DATA LISTING:

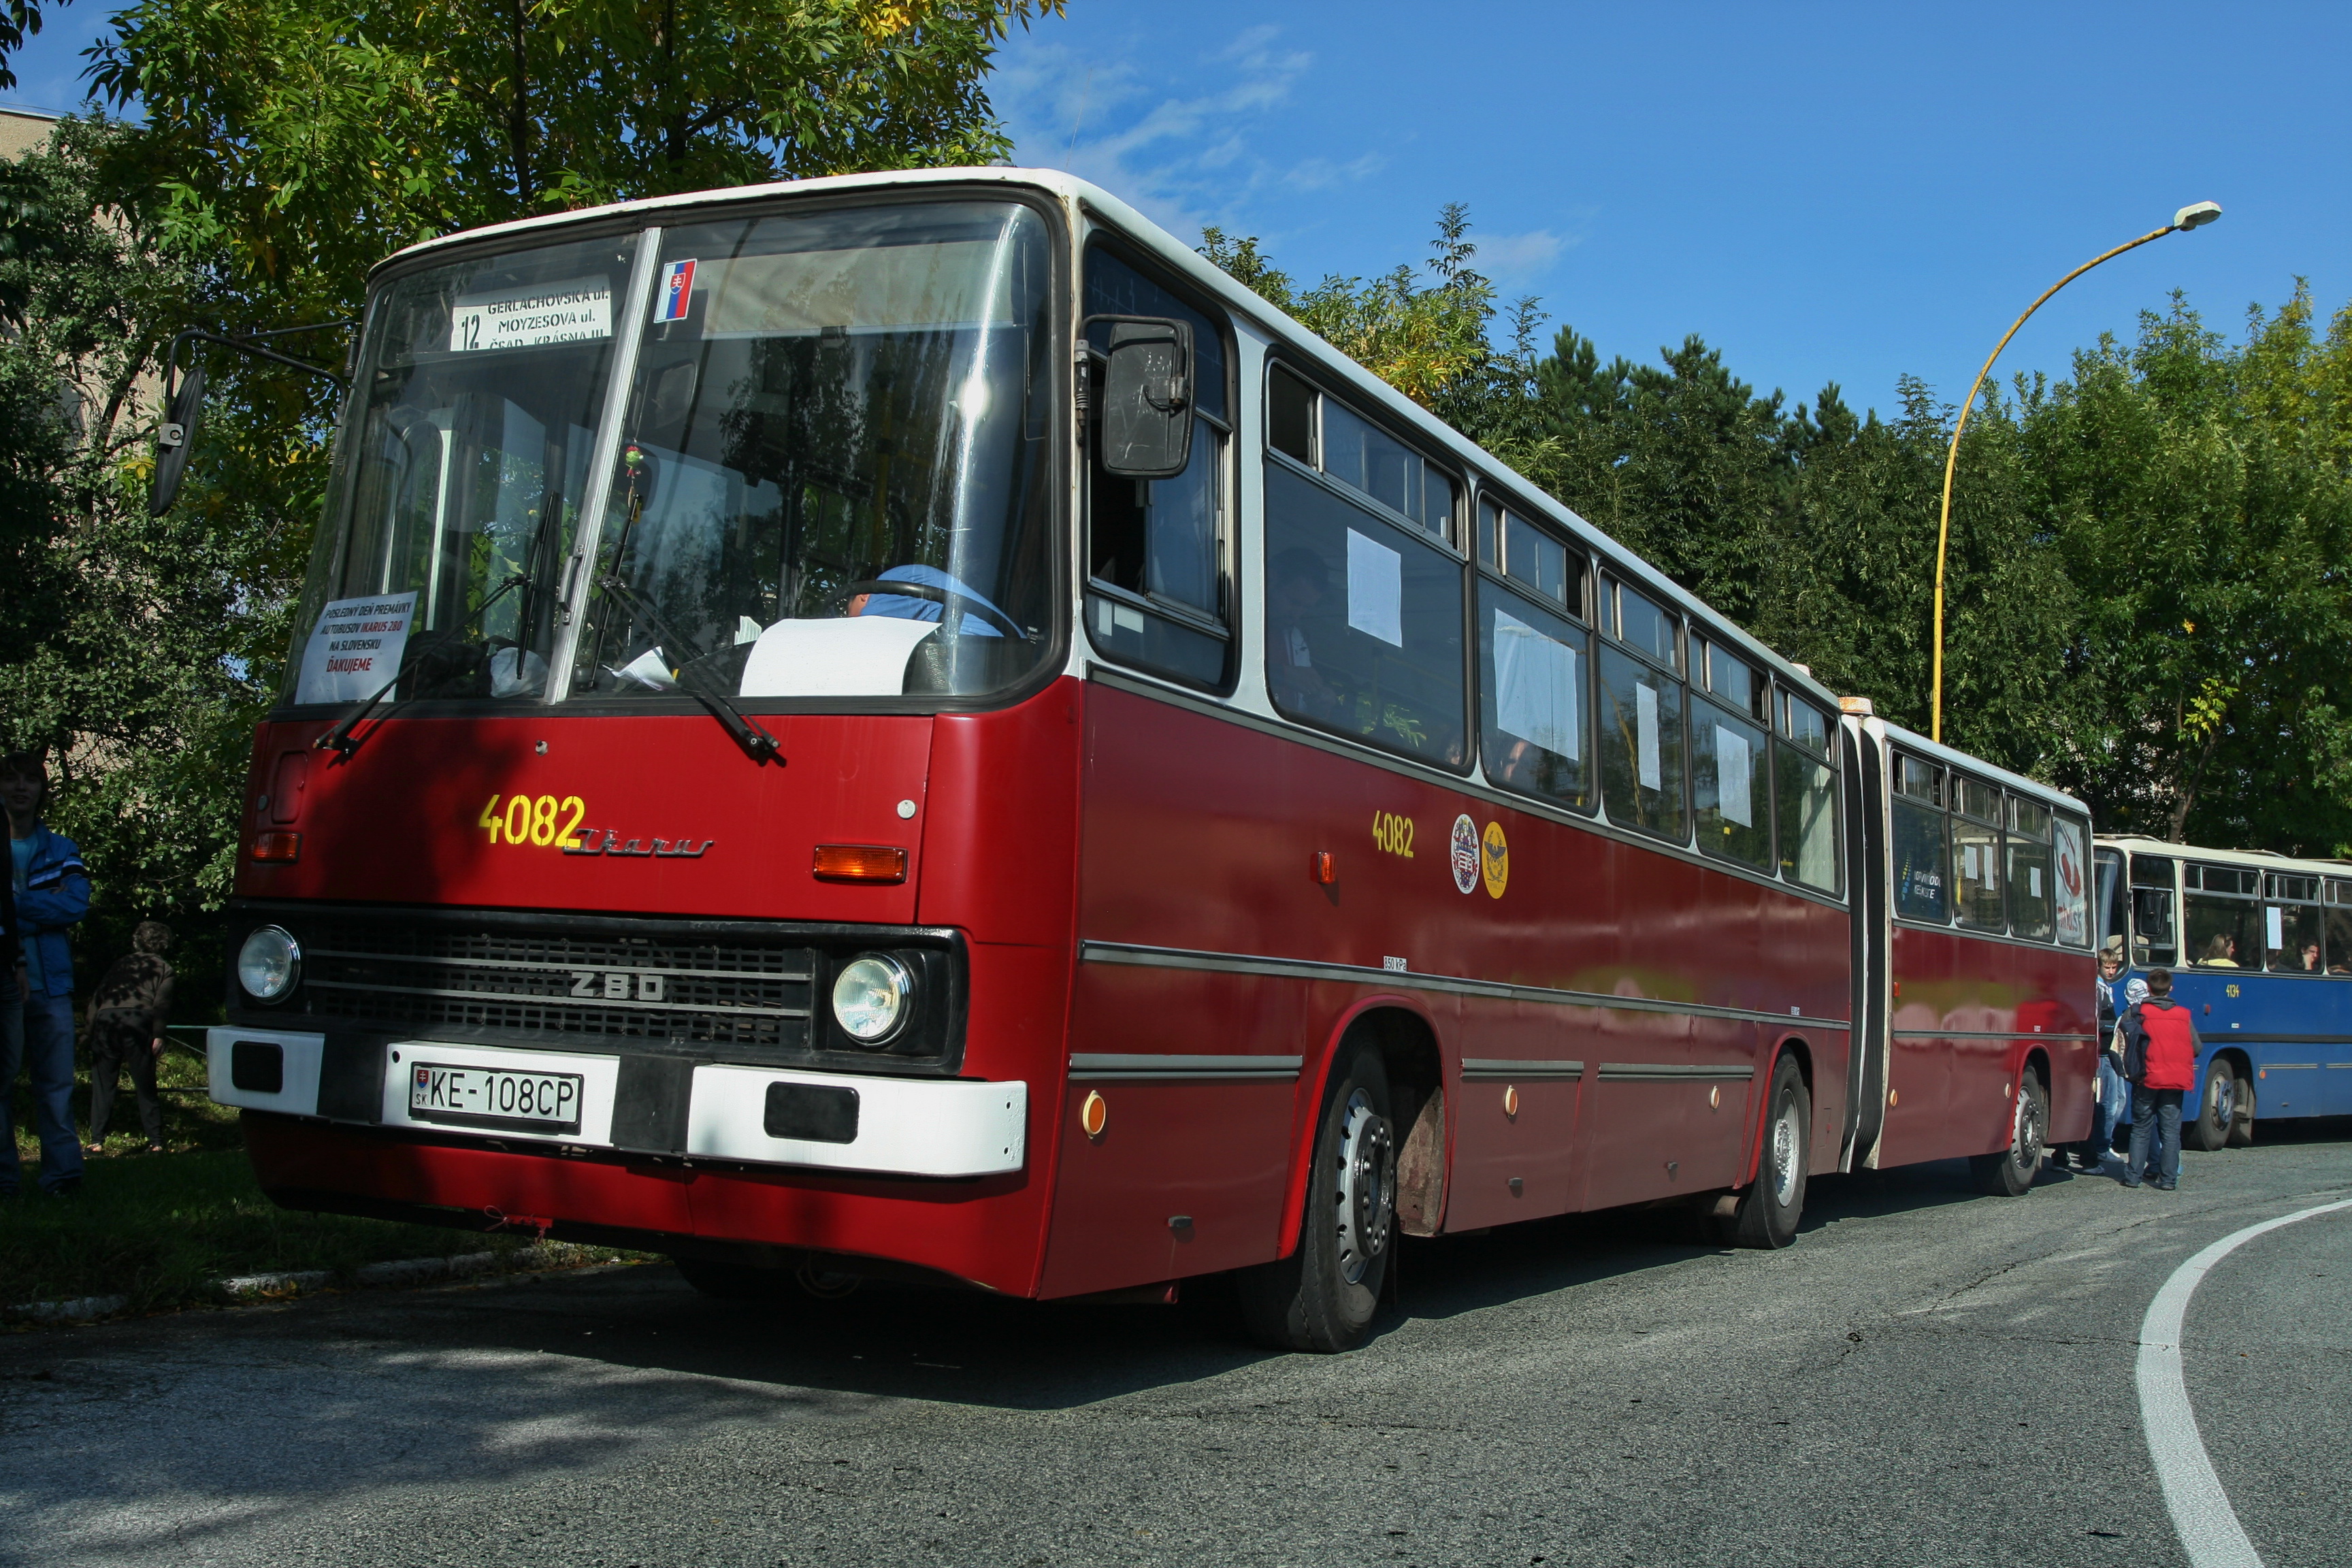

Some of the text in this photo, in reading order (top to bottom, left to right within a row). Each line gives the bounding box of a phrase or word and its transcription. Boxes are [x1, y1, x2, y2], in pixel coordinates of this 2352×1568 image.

[488, 285, 608, 315] GERLACHOVSKÁ ul.
[461, 314, 480, 350] 12
[498, 308, 595, 333] MOYZESOVA ul.
[324, 600, 412, 619] POSLEDNÝ DEŇ PREMÁVKY
[321, 620, 403, 635] AUTOBUSOV IKARUS 280
[329, 639, 382, 651] NA SLOVENSKU
[326, 655, 373, 674] ĎAKUJEME
[478, 794, 585, 848] 4082
[1373, 810, 1414, 858] 4082
[561, 828, 717, 856] Ikarus
[415, 1093, 428, 1106] SK
[430, 1071, 574, 1118] KE-108CP
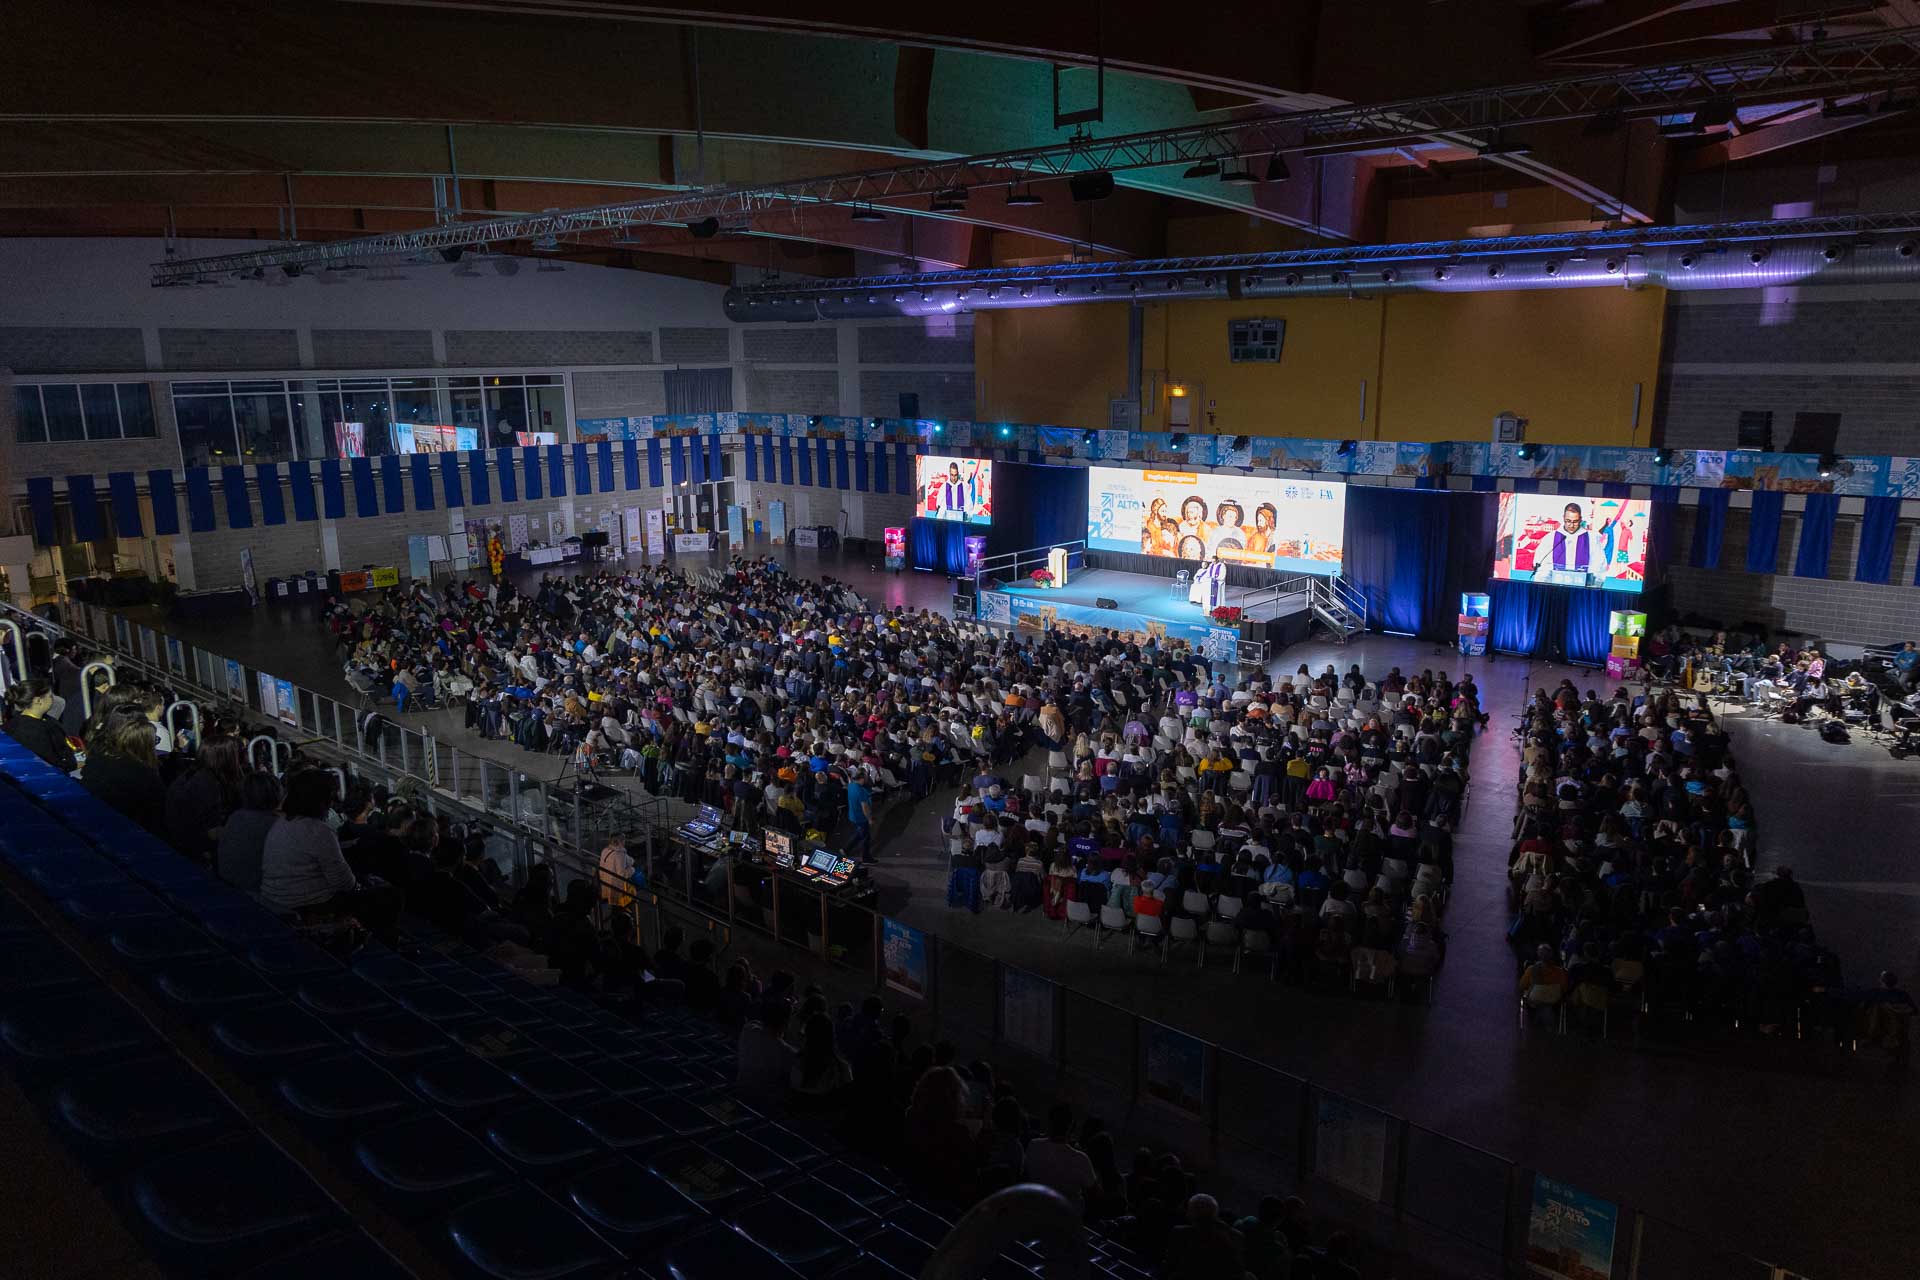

WHAT THE TASK ASKS: When you return the records, keep every word unchanged and drop the pictures.

ANSWER TO THIS PROBLEM:
Some of the text in this photo, in reading order (top to bottom, left to right within a row). Each line gives the bounding box of a phrase or word and its transcription. Boxes are [x1, y1, x2, y2], in pixel coordinates of this 2352×1568 image.

[488, 285, 608, 315] GERLACHOVSKÁ ul.
[461, 314, 480, 350] 12
[498, 308, 595, 333] MOYZESOVA ul.
[324, 600, 412, 619] POSLEDNÝ DEŇ PREMÁVKY
[321, 620, 403, 635] AUTOBUSOV IKARUS 280
[329, 639, 382, 651] NA SLOVENSKU
[326, 655, 373, 674] ĎAKUJEME
[478, 794, 585, 848] 4082
[1373, 810, 1414, 858] 4082
[561, 828, 717, 856] Ikarus
[415, 1093, 428, 1106] SK
[430, 1071, 574, 1118] KE-108CP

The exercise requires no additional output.